Suitability standards may well mandate that the use of annuities be at least discussed with clients when providing retirement counseling.
For the more than 40 years that we have been in the legal support of the financial-services industry, we have always been astounded by the fact that few people really understood the longevity value of annuities. This has been particularly disappointing when we've been in discussions with government officials, both elected representatives and regulators. Moreover, for most of our career in this arena, the vast majority of financial advisors has looked at annuities more as some form of tax-deferral mechanism than the true insurance products they are--insurance against outliving your money.
Today, after all these years of arguing that the true purpose of annuities is to provide longevity protection, the concept seems to be catching on. Recent pronouncements by high-ranking government officials have stressed that people need to be concerned about outliving their retirement funds and that annuities are the best (if not the only) method to alleviate such concerns.
We often joke that our will reads, "being of sound mind, we spent it all." Yet, the only way most of us can ensure that our money and our time on earth end at the same time is through the purchase of a life contingency annuity. Certainly, Silicon Valley dotcom billionaires and even multimillionaires do not have to worry about outliving their assets, but everyone else must be constantly aware that the problem is real.
A few years ago, during the halcyon days of the dotcom bubble, many rank and file workers found that their retirement plans (particularly those which invested in their employer's stock) had made them unforeseen amounts of money. Many of them opted for early retirement and, using long-term projections of investment income, took advantage of Section 72(t) of the Internal Revenue Code to speed up the distribution of their retirement assets free from early distribution penalties. When the crash took place in 2000, many of these people found that their retirement funds had pretty much disappeared. As a result, a large number of financial advisors found themselves in trouble because they had not effectively kept their clients from engaging in such folly.

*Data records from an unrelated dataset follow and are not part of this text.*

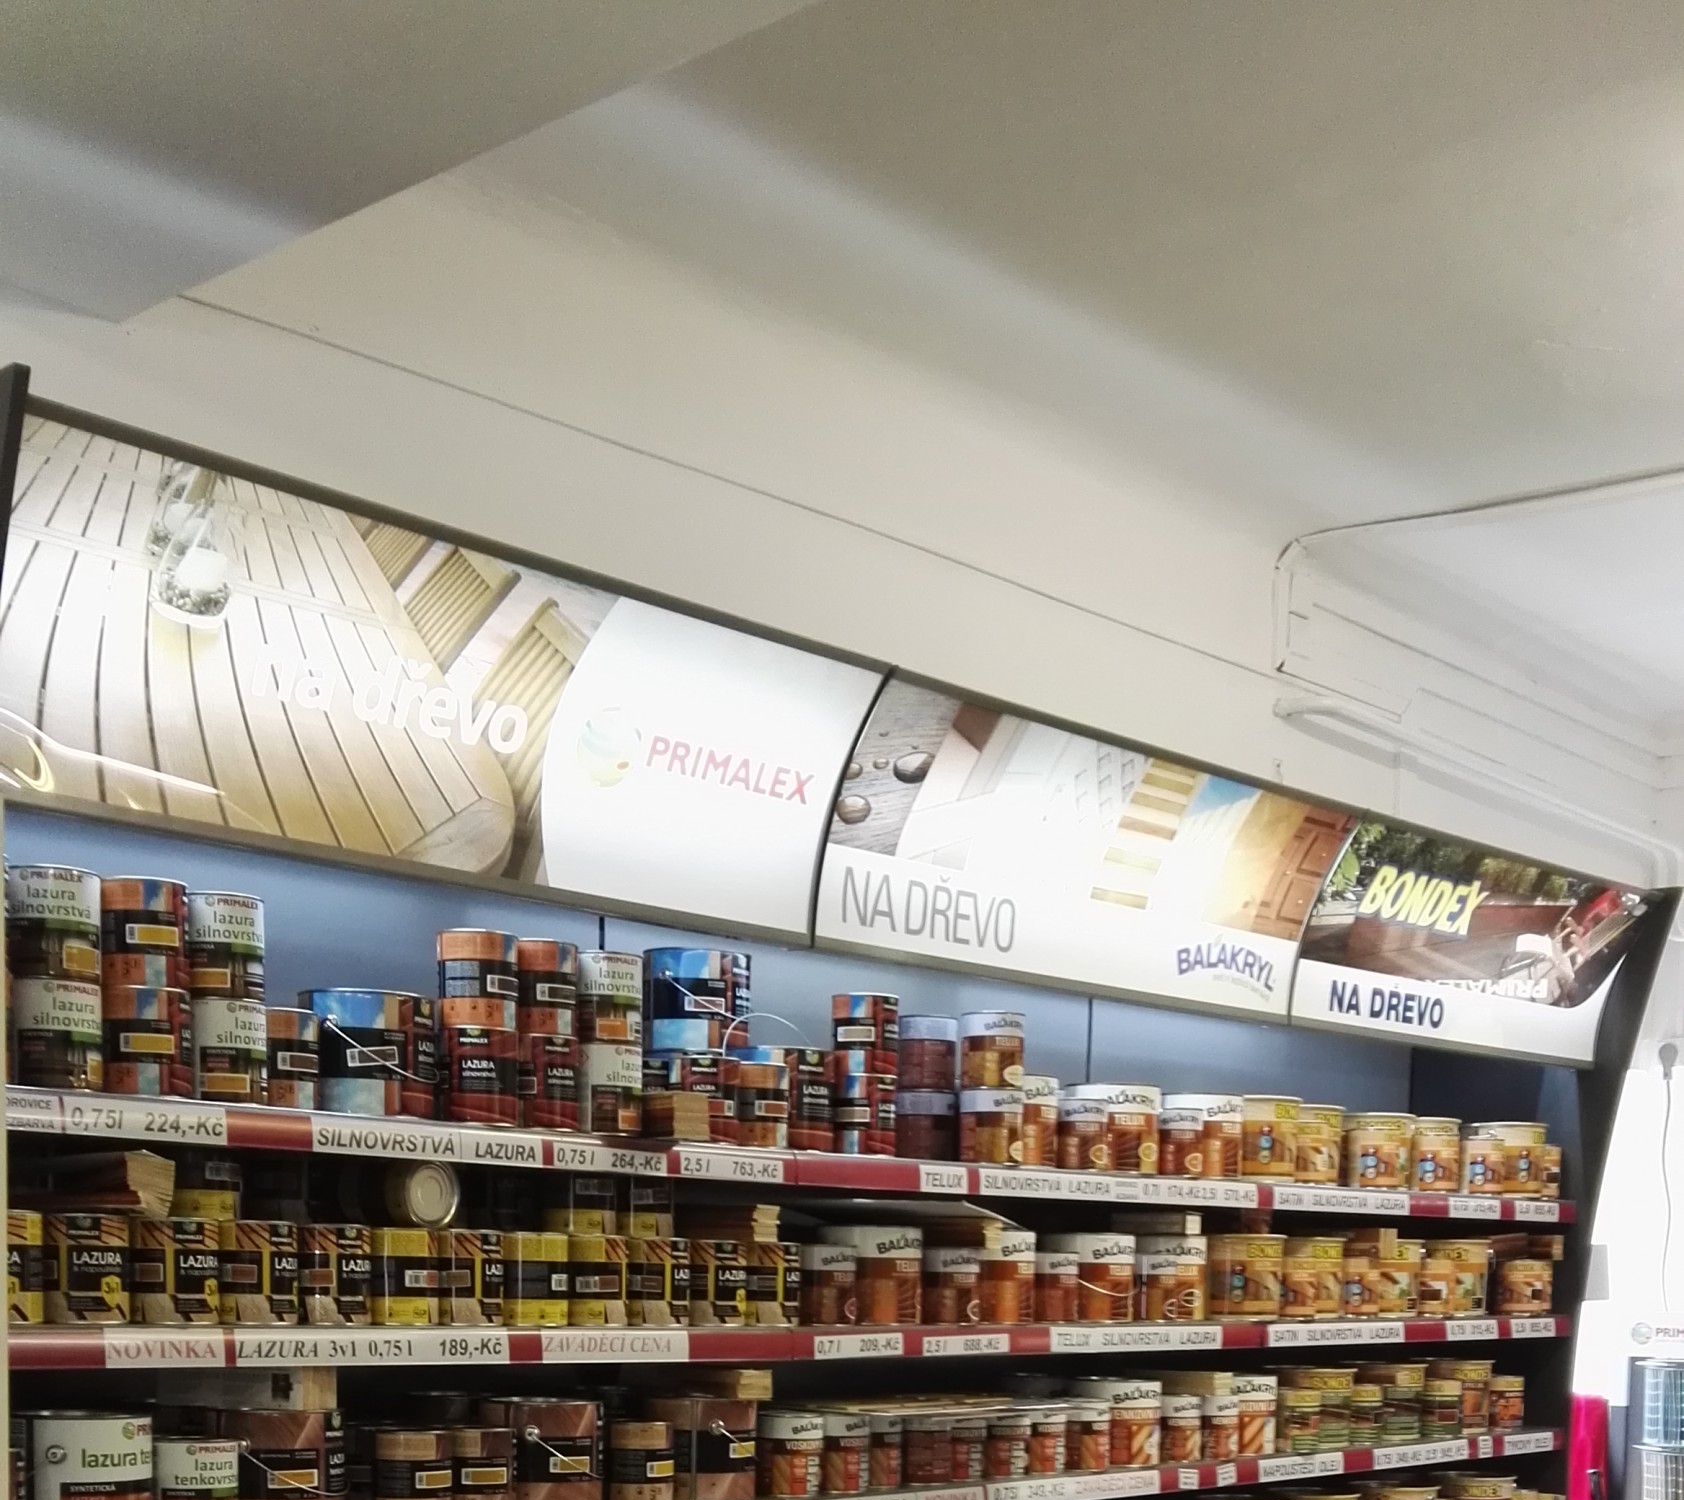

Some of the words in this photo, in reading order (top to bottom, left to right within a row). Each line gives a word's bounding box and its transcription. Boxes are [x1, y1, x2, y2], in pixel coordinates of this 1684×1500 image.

[252, 658, 336, 711] na
[352, 656, 528, 754] dřevo
[645, 735, 815, 806] PRIMALEX
[27, 884, 76, 900] lazura
[1358, 864, 1489, 936] BONDEX
[11, 902, 90, 920] silnovrstvá
[217, 898, 258, 910] PRIMALEX
[842, 866, 896, 932] NA
[904, 874, 1016, 953] DŘEVO
[213, 911, 255, 927] lazura
[599, 967, 634, 981] lazura
[1177, 942, 1274, 992] BALAKRYL
[52, 998, 96, 1014] lazura
[1329, 980, 1361, 1017] NA
[239, 1002, 266, 1014] PRIMA
[216, 1031, 266, 1044] silnovrs
[462, 1059, 495, 1070] LAZURA
[548, 1067, 574, 1078] LAZURA
[144, 1112, 224, 1137] 224,-Kč
[318, 1126, 456, 1156] SILNOVRSTVÁ
[475, 1141, 537, 1163] LAZURA
[612, 1152, 662, 1172] 264,-Kč
[732, 1160, 778, 1179] 763,-Kč
[925, 1172, 964, 1188] TELUX
[1069, 1180, 1110, 1196] LAZURA
[73, 1252, 122, 1265] LAZURA
[180, 1256, 218, 1268] LAZURA
[342, 1260, 371, 1272] LAZUR
[719, 1270, 746, 1282] LAZUR
[1056, 1332, 1091, 1347] TELUX
[1179, 1330, 1219, 1345] LAZURA
[1656, 1328, 1684, 1337] PRIM
[107, 1341, 217, 1360] NOVINKA
[237, 1341, 319, 1359] LAZURA
[329, 1341, 357, 1357] 3v1
[439, 1338, 501, 1357] 189,-Kč
[544, 1334, 626, 1354] ZAVÁDĚCÍ
[630, 1337, 672, 1354] CENA
[81, 1449, 138, 1469] lazura
[195, 1458, 233, 1471] lazura

We observed this phenomenon, and one of our partners spent a substantial amount of time acting as an expert witness in the litigation that ensued. The most common theme of this litigation was that the retirees had unrealistic expectations about their assets and how long they would last. If a worker at a blue collar job suddenly finds himself with a seven-figure retirement fund, it is difficult for him not to feel that he is "rich" and financially independent. He can buy the boat he always wanted, get the retirement home on the beach, and live on an annual income that is greater than what he made during all the years he worked. Unfortunately, time is inexorable. So is unpredictable longevity.
When the federal government enacted ERISA in 1974, it first codified the concept of requiring pension schemes to consider "life expectancy." The life expectancy figures used by the federal government for retirement plans (and for deferred annuities) takes the entire population and determines average life expectancy as when half of the people in a particular age group will be dead and half will still be alive. Defined contribution pension arrangements must provide for distributions for life expectancy. Unfortunately, most people understood "life expectancy" to be the same as "for life"--which it is not! Half of the people who have planned their pension distributions for "life expectancy" will run out of money. Even the federal government has finally discovered this fact.

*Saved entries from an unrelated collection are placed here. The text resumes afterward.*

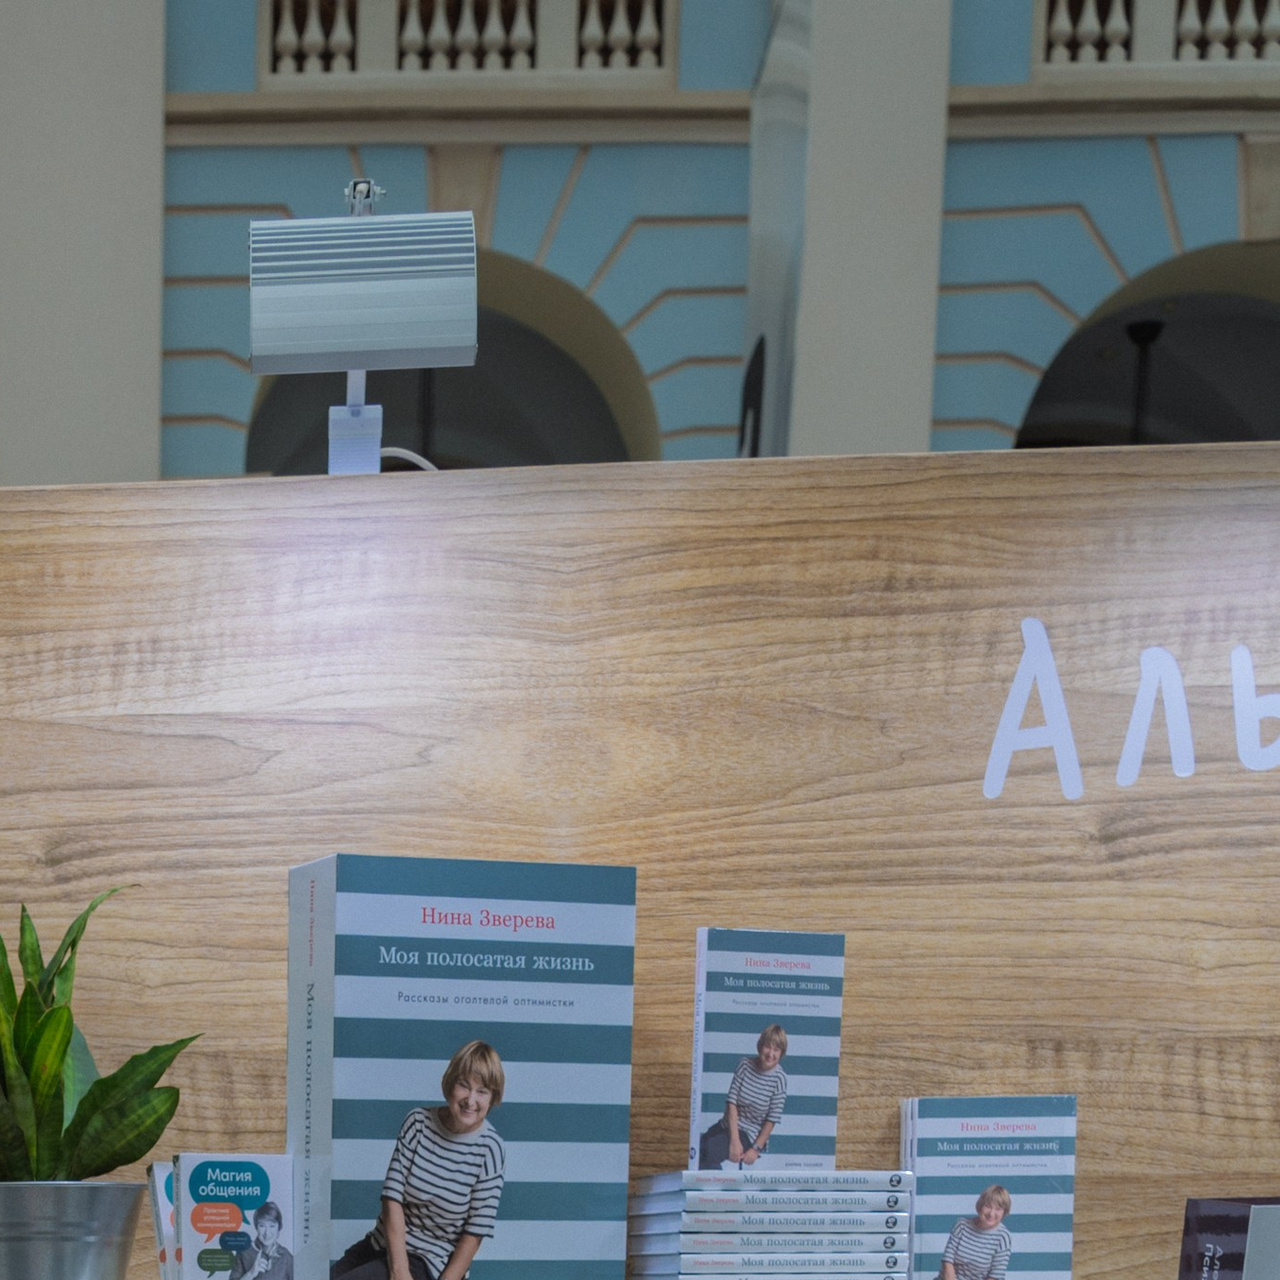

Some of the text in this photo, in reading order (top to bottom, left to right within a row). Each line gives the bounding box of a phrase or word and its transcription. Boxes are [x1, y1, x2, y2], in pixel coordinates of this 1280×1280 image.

[421, 907, 555, 932] Нина Зверева
[379, 946, 595, 971] Моя полосатая жизнь
[745, 958, 811, 970] Нина Зверева
[724, 977, 830, 990] Моя полосатая жизнь
[398, 991, 574, 1008] Рассказы оголтелой оптимистки
[961, 1122, 1036, 1133] Нина Зверева
[937, 1142, 959, 1151] Моя
[964, 1142, 1019, 1152] полосатая
[207, 1168, 252, 1182] Магия
[199, 1183, 260, 1198] общения
[741, 1257, 865, 1268] Моя полосатая жизнь

We are now seeing releases from various segments of the government extolling the virtues of annuities as a solution to this longevity problem. Some government officials have even gone so far as to suggest that annuities be made mandatory for tax-qualified retirement plans. What a change over past years when the government viewed annuities as merely some form of tax dodge for the wealthy!

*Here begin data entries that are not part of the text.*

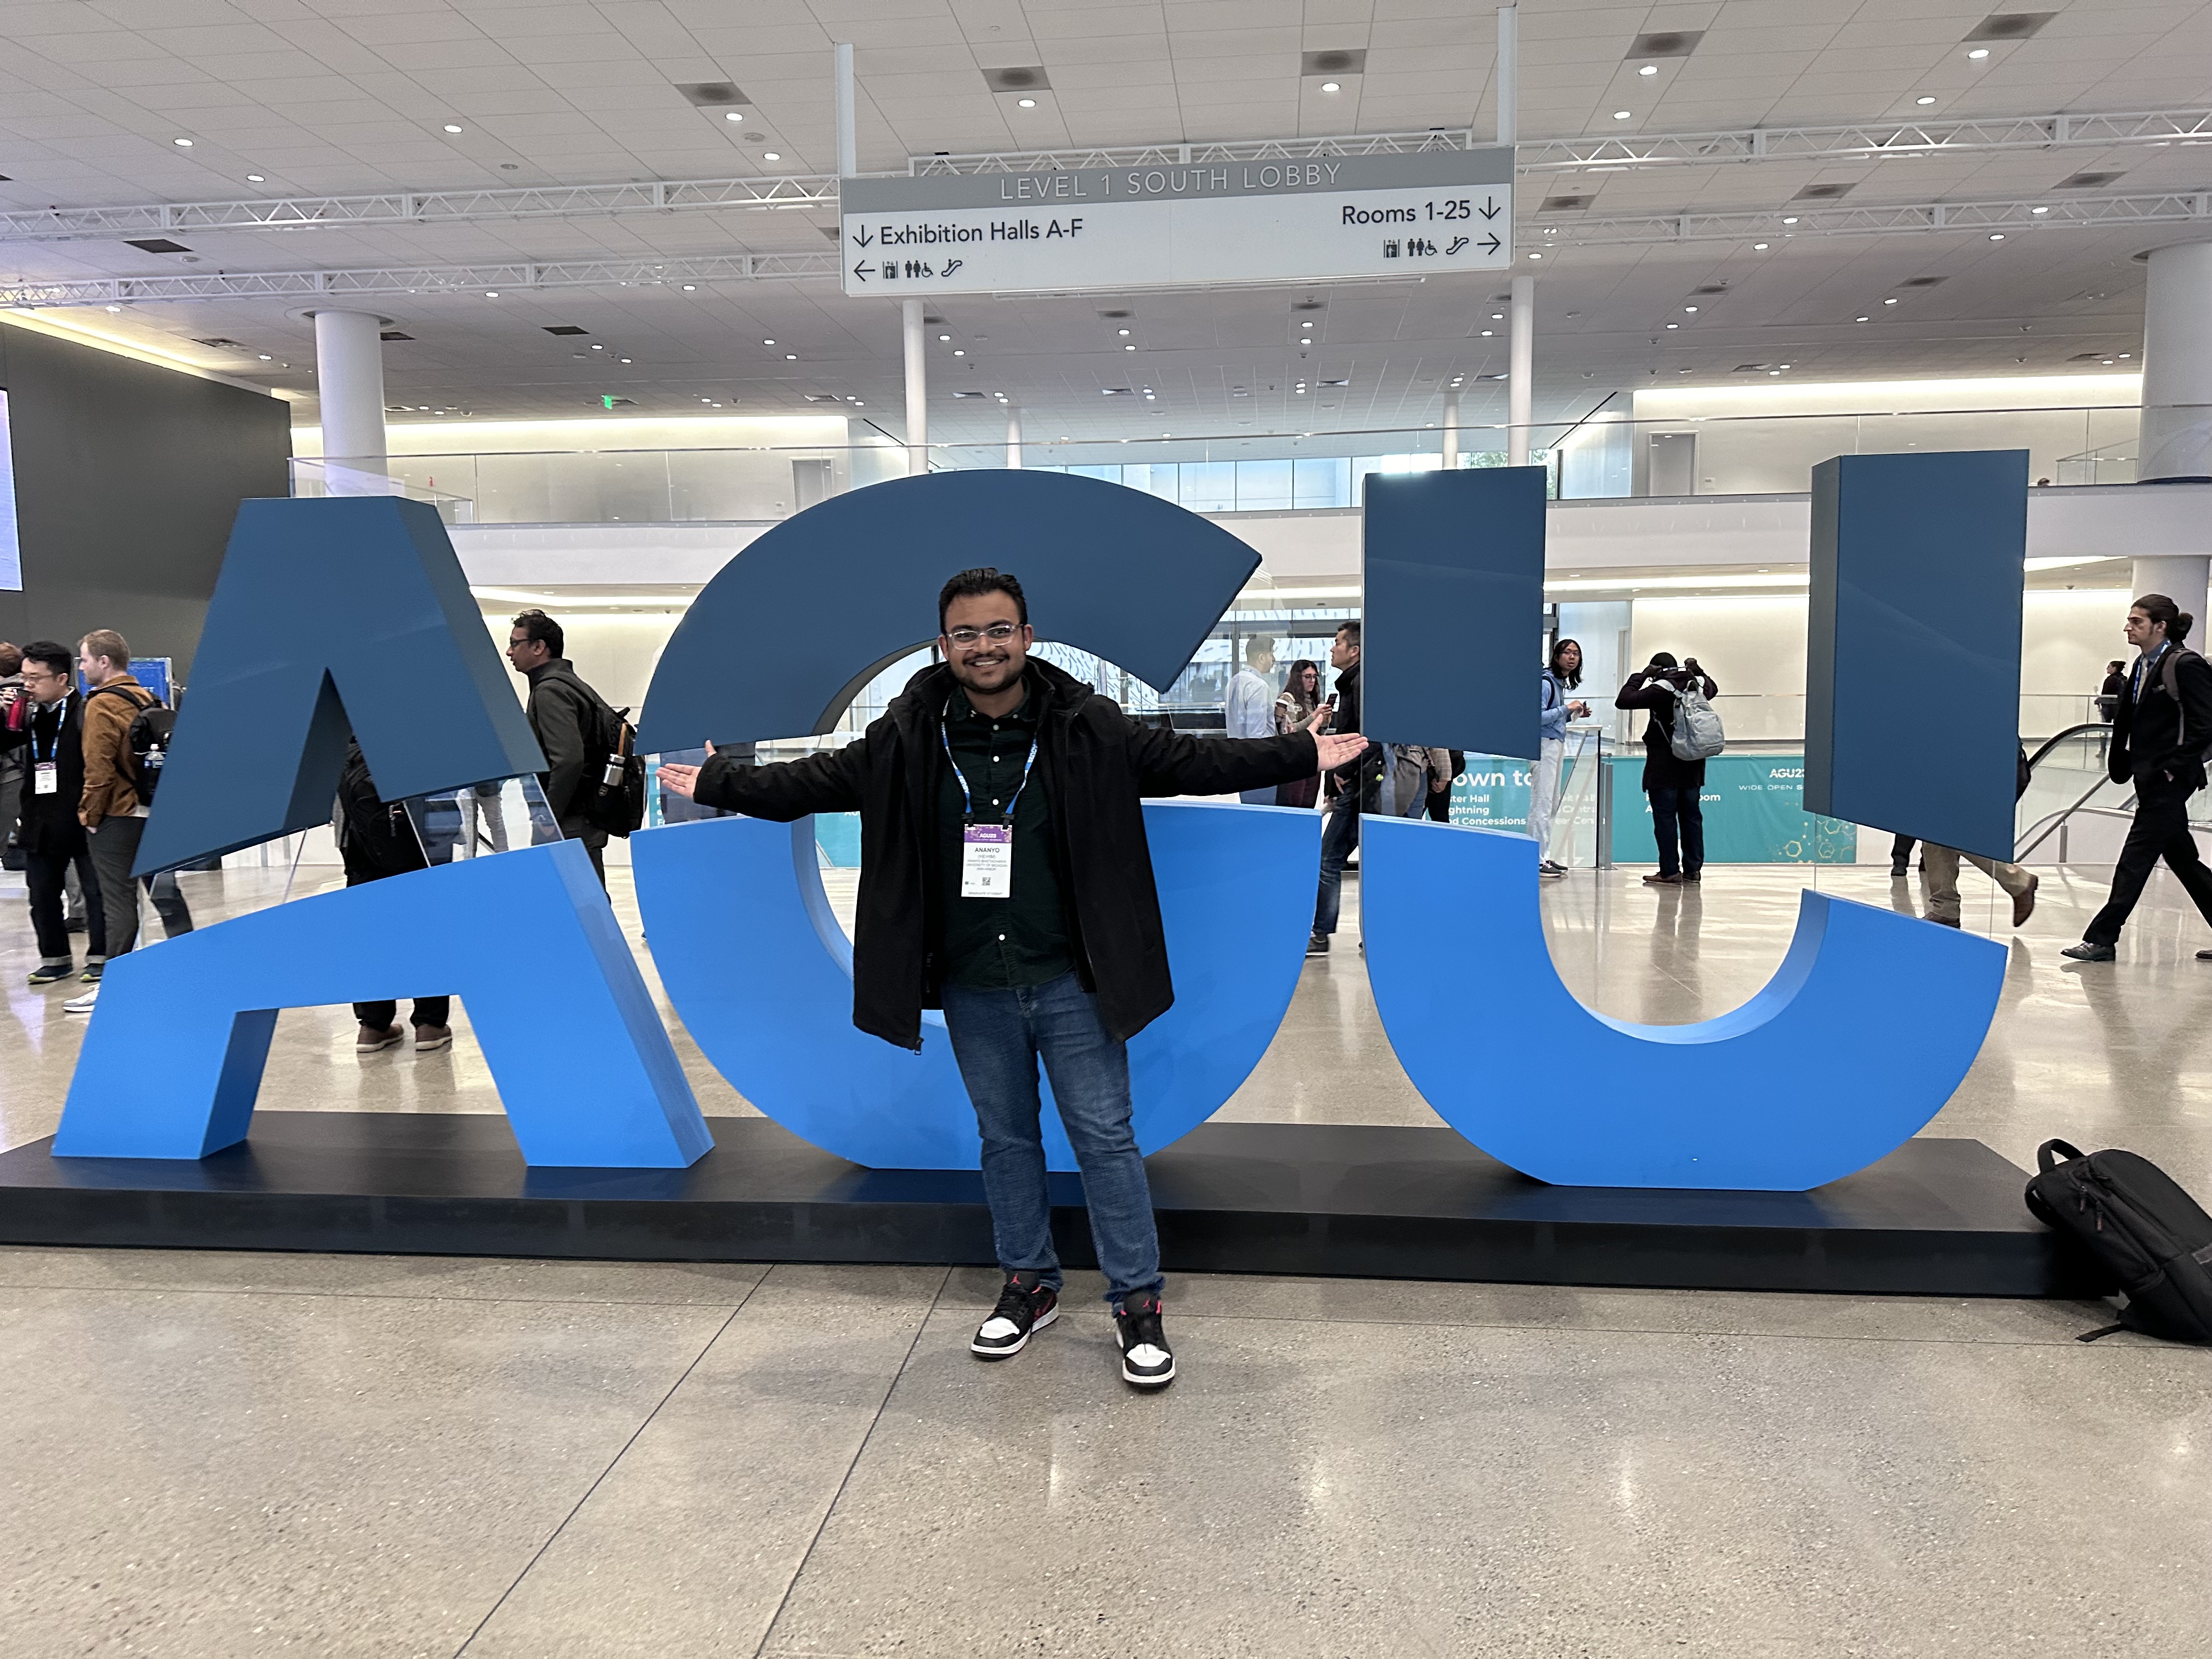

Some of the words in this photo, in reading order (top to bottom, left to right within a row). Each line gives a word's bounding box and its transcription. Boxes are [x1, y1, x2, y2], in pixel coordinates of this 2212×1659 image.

[1000, 175, 1087, 201] LEVEL
[1101, 174, 1111, 195] 1
[1127, 168, 1228, 195] SOUTH
[1243, 162, 1342, 189] LOBBY
[1342, 205, 1416, 225] Rooms
[1424, 200, 1471, 221] 1-25
[880, 223, 983, 245] Exhibition
[990, 219, 1040, 241] Halls
[1046, 218, 1083, 239] A-F
[1452, 772, 1505, 787] own
[1470, 794, 1489, 803] Hall
[1448, 805, 1489, 816] ghtning
[52, 450, 2028, 1193] AGU
[1462, 817, 1526, 825] Concessions

The point of all this is that financial advisors should be aware that the standard for retirement advice is changing. Suitability standards may well mandate that the use of annuities be at least discussed with clients when providing retirement counseling. Access to longevity planning programs and analysis of the various options available could well spell the difference between suitable recommendations and those that are not suitable.
In the past, most retirees under defined contribution programs such as 401(k) plans rolled their retirement funds into IRAs--usually at a bank or similar institution--and, after taking out funds for the new boat or the beachfront home, began taking distributions for life expectancy. We often ponder what will happen in future years when half of these people begin to complain that they have run out of retirement funds, just when they are of an age where they have no employment options. We often also ponder what kind of litigation will ensue when these retirees begin to look to their financial advisors and hold them liable for bad advice.
The various types of annuities available in the marketplace today are more flexible and more complex than at any time in history. They provide numerous guarantees--not just protection against outliving retirement funds, but with inflation safeguards, premature death protection, and even the ability to fund for long-term care needs. Annuities are often believed to be the oldest form of life insurance. It now appears that this ancient product is also the most modern and that everyone in the financial services business needs to have a detailed knowledge about them and understand how to counsel clients on their effective use.